ほんの少し唇が触れただけなのに
「ただいま」
「おかえりなさい」
仕事から帰ってきたダイゴは、いつにも増して精力が抜けているように見えた。この世に1着しかないスーツも心なしかよれよれだ。こんなダイゴは今まで一緒にいた中でも見たことがない。
「遅くまでお疲れさま」
「あぁ…」
顔に「今日は疲れた」と書いてある。カバンを受け取った私は「お風呂の準備はできてるよ」と声をかける。でも、彼が望んでいるのは栄養補給、つまり食事だった。
ネクタイを解いて、ビールを缶のまま飲んでいる。これも珍しい。まずビールを滅多に飲まない。そしてお酒を飲むならグラスに注いで飲む。
でも、自棄酒と言うにはほど遠く見えるのが、ダイゴの持つ上品さ故だろう。
簡単に作ったおつまみを出せば、小声で「ありがとう」と呟く。
「……はぁ」
「今日は一段とお疲れね」
「あぁ…大変だった…」
と言い切れば、一気にグイッと一缶を飲み干した。
「大事なイベントの最中に原因不明の停電になってね…」
「あぁ…それニュースになってたわ」
「誰のせいでもないけど、スタッフが理不尽にクレームつけられててね…。間に入って詫びたけど、あぁいうのって結構堪えるものだね…」
はぁっ、と大きく早くため息を吐いた。その場面を思い出してしまったのだろう。そして未開封の新しい缶に手を伸ばし、ぷしゅっと空けて飲んだ。
…この場合、どう慰めるのが正解なんだろうか。「ダイゴはがんばったよ」は上から言っているみたいで、自分なら言われたくない。「お疲れさま」はさっきも言った。「大変だったね」はかけられたい言葉ではあるけど、その先が思いつかない。
ダメだ気の利いた慰めが思い浮かばない…。悶々とする私の隣で、ダイゴのお酌は黙々と進む。
そうだ!と、今日目にしたネットのコラムを思い出した。効果的かどうかはわからないけど、やってみる価値はあるかもしれない。
「ダイゴ、手を出して」
「え?手?」
クエスチョンマークと共に差し出された左手に、そっと口付けた。
「……えっ?」
「へへ、手の甲にキスするのって『尊敬してます』って意味があるみたいよ」
「……」
お酒でほのかに赤く染まったダイゴの顔は、まるで時が止まったように固まっている。サファイアのような目は、私を映して。
いつも人のためにがんばってるダイゴはカッコいいよ、だからそんなに悲しい顔をしないで。って意味を込めたキスだった。

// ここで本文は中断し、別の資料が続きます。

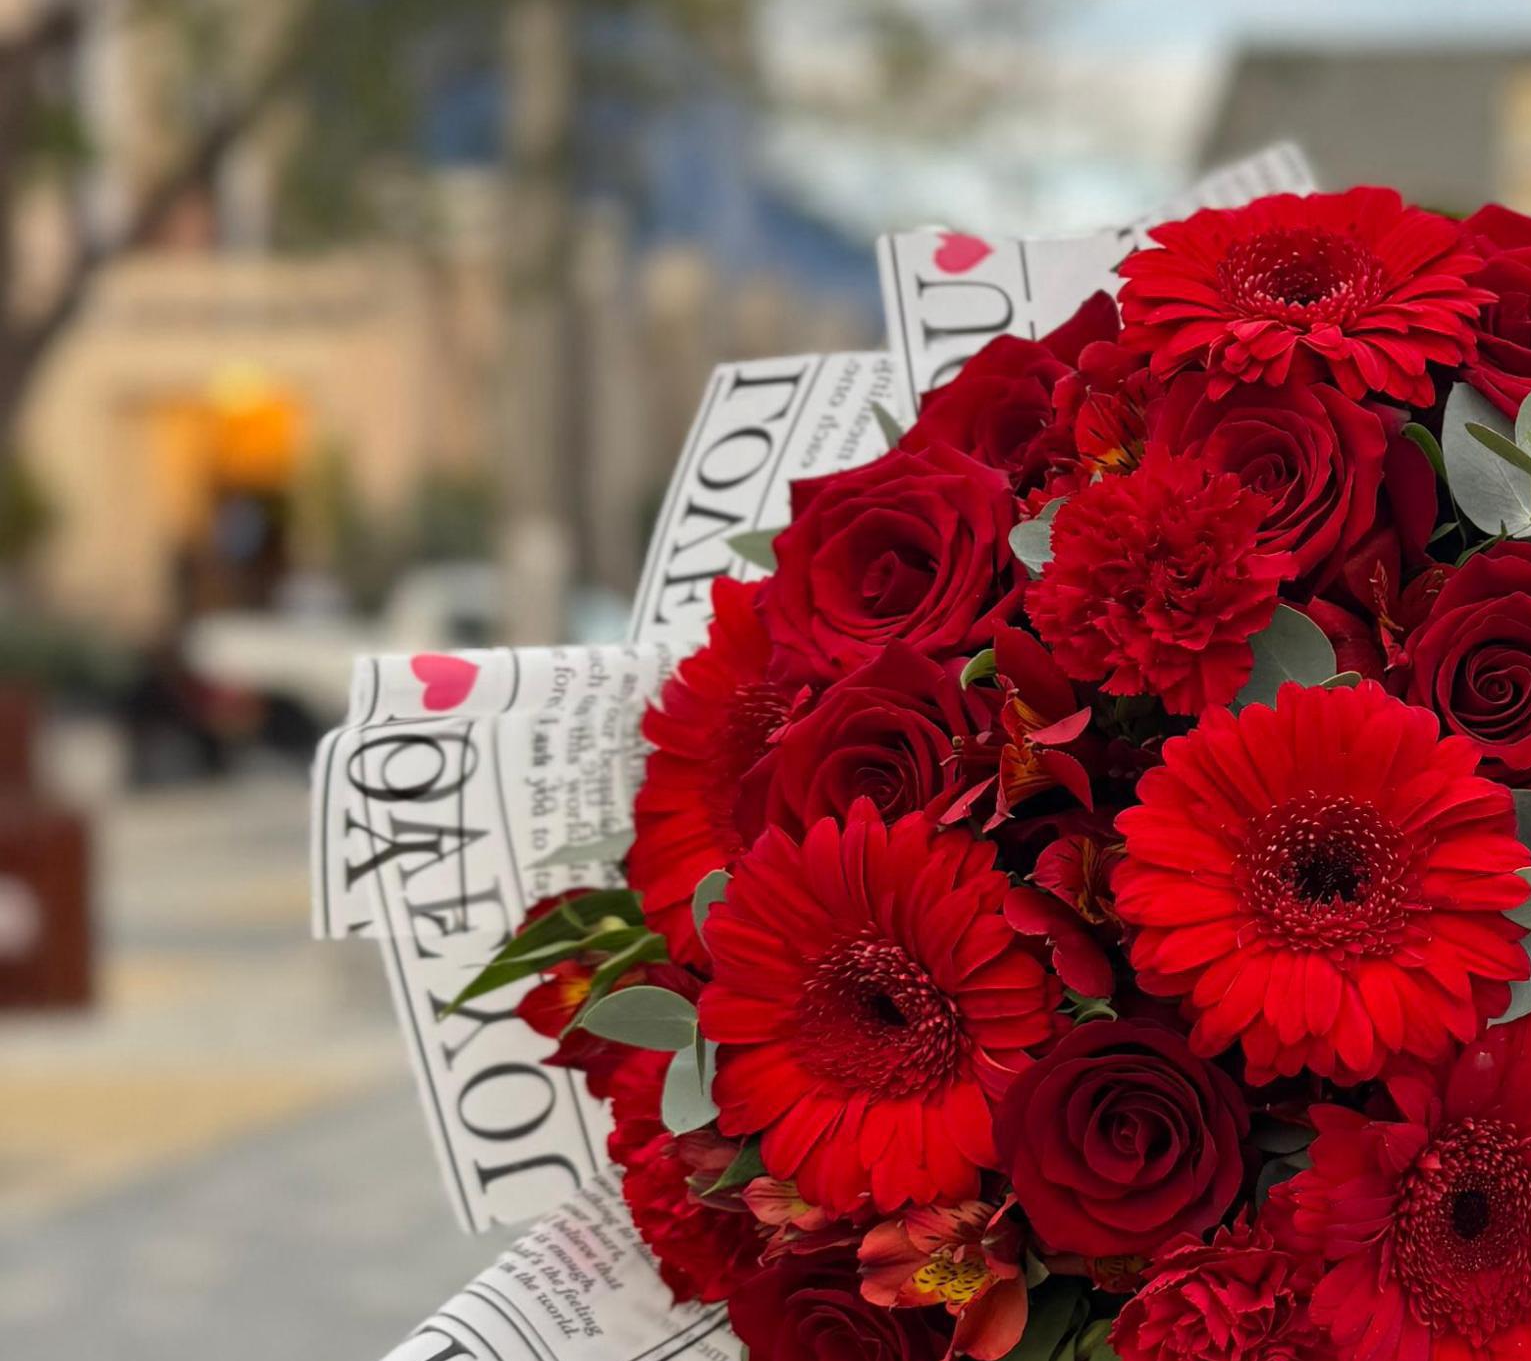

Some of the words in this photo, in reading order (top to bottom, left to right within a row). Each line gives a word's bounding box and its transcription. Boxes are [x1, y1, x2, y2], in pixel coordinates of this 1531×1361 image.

[515, 1272, 540, 1291] the
[540, 1266, 564, 1286] the
[554, 1288, 604, 1338] feeling

それに、私からキスなんて滅多にしないし、手の甲なんてキスされるとは思わない場所だから、効果はバツグンだと思ったのね。
でも、手の甲にキスは思ったよりも私にもダメージがあった。凄くキザで恥ずかしくなって、料理を持ってくることを口実に立ち上がった。
が、ぐいっと腕を引かれて、再び座らされた。
「は、えっ、と…?」
顔から火がでそうな私を、少し潤んだ目で見つめるダイゴ。
「…もう少しここにいてくれないかい?」
「へ?」
「その…、離れるのは…なんとなく寂しい…」
「…そ、そう…」
とっても恥ずかしいけど、なんだか嬉しい。
あのキスがダイゴの苦しい気持ちを紛らわせたなら、傍にいて欲しいと思ってくれたなら、私は満足だ。
とは言っても、もうすぐおつまみがなくなりそうだから、近い内に立ち上がることにはなりそうだけどね。
「でも」
「でも?」
「ホントは別のところにキスして欲しかったなぁ」
と、人差し指で私の唇に触れ、余裕たっぷりな顔でさらっと言ったダイゴ。
やっぱりこの人は、こうでなくちゃね。